# Heater Troubles



## JeffV (Dec 4, 2009)

I have a couple of heaters that are having the same kind of problem. They both heat the water to about 84F even when they are turned all the way down to the lowest possible setting. I like to keep the water in my tanks at about 78F. Does anyone have a quick fix for this kind of problem? Thanks.


----------



## kev416 (Aug 22, 2010)

What's the wattage of the heater compared to the size of the tank?


----------



## JeffV (Dec 4, 2009)

200W heater in a 70 gallon tank.


----------



## BillD (Jun 5, 2006)

There is an issue with the thermostat.
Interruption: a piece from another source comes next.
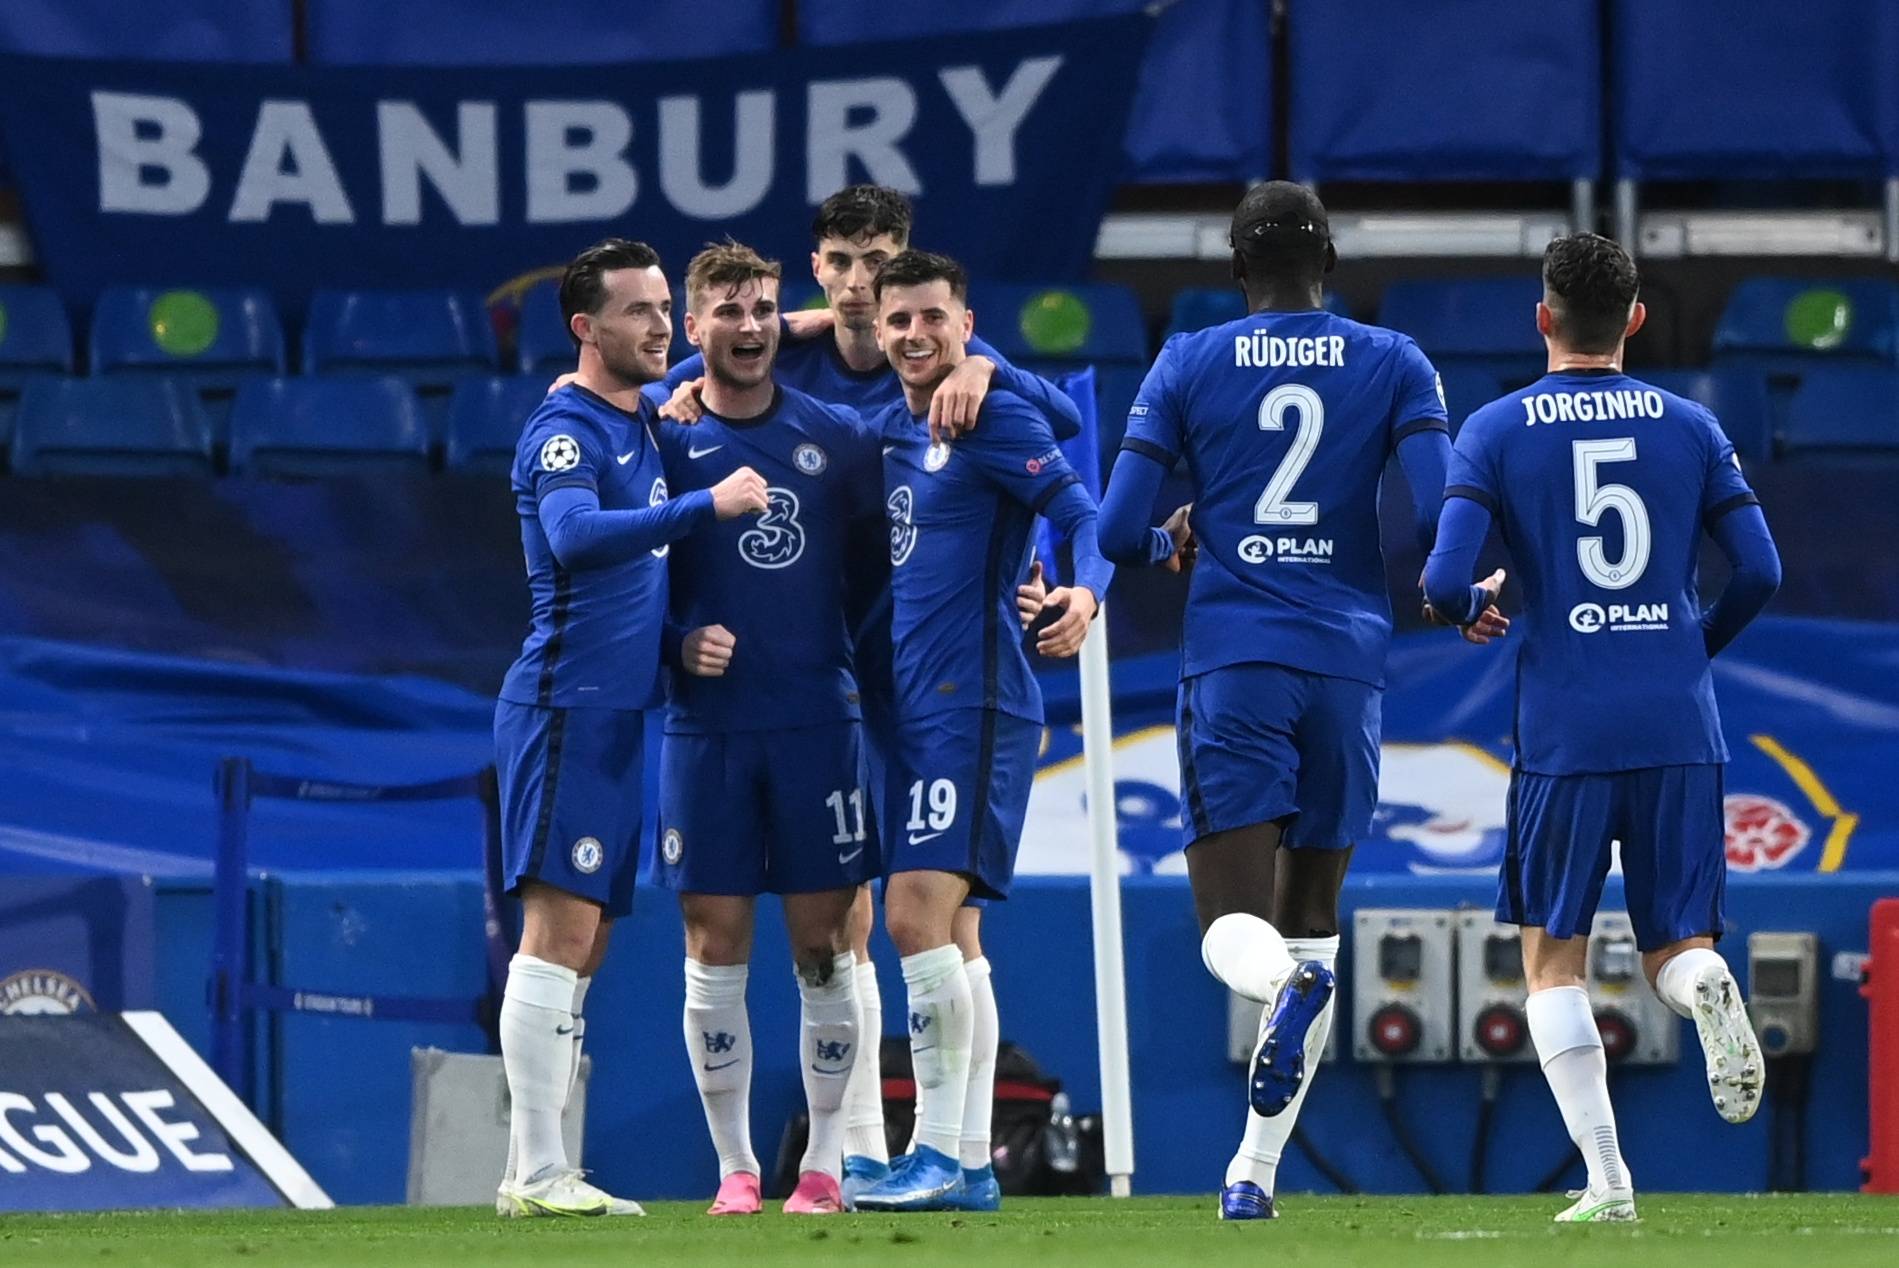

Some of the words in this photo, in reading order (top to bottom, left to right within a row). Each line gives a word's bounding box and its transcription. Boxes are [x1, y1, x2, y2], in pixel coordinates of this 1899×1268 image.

The heater should shut off regardless of the wattage. Having a heater that is too large for the tank, will result in dangerous overheating if the thermostat fails in the on position.


----------



## kev416 (Aug 22, 2010)

Jeff I forgot to ask the brand. Bill's right there's probably a thermostat issue. Lucky it's undersized. Following the five watt per gallon rule of thumb it would have definitely over heated a fourty gallon breeder if stuck on. On the chance it's not a preset heater try switching it off for thirty mins and see if the thermostat resets. If it continues doing what it's doing, replace it.


----------



## JeffV (Dec 4, 2009)

Thanks for all the input guys. This is an Aqueon heater. The heater does cycle on and off, I just can't get it to maintain a low enough temperature. It keeps the temperature at 84F even though the thermostat setting is well below that.


----------



## kev416 (Aug 22, 2010)

Can you take it back to the place of purchase? Tell them you lost the receipt. Sounds like a manufacturer's defect.


----------



## BillD (Jun 5, 2006)

If it is cycling on and off, than it seems to be a calibration issue. Some heaters, like the Jagers, have a calibration adjustment.


----------



## kev416 (Aug 22, 2010)

*Lifetime guarantee*

Jeff here's a link to a previous thread. Aqueons are guaranteed for life. http://www.gtaaquaria.com/forum/showthread.php?t=9072


----------



## Julian (Jun 29, 2008)

yea sounds like its short. get the company to replace it if you can. I had this happen to my stealth pro 200w heater as well. I was lucky though and it got stuck off not on.


----------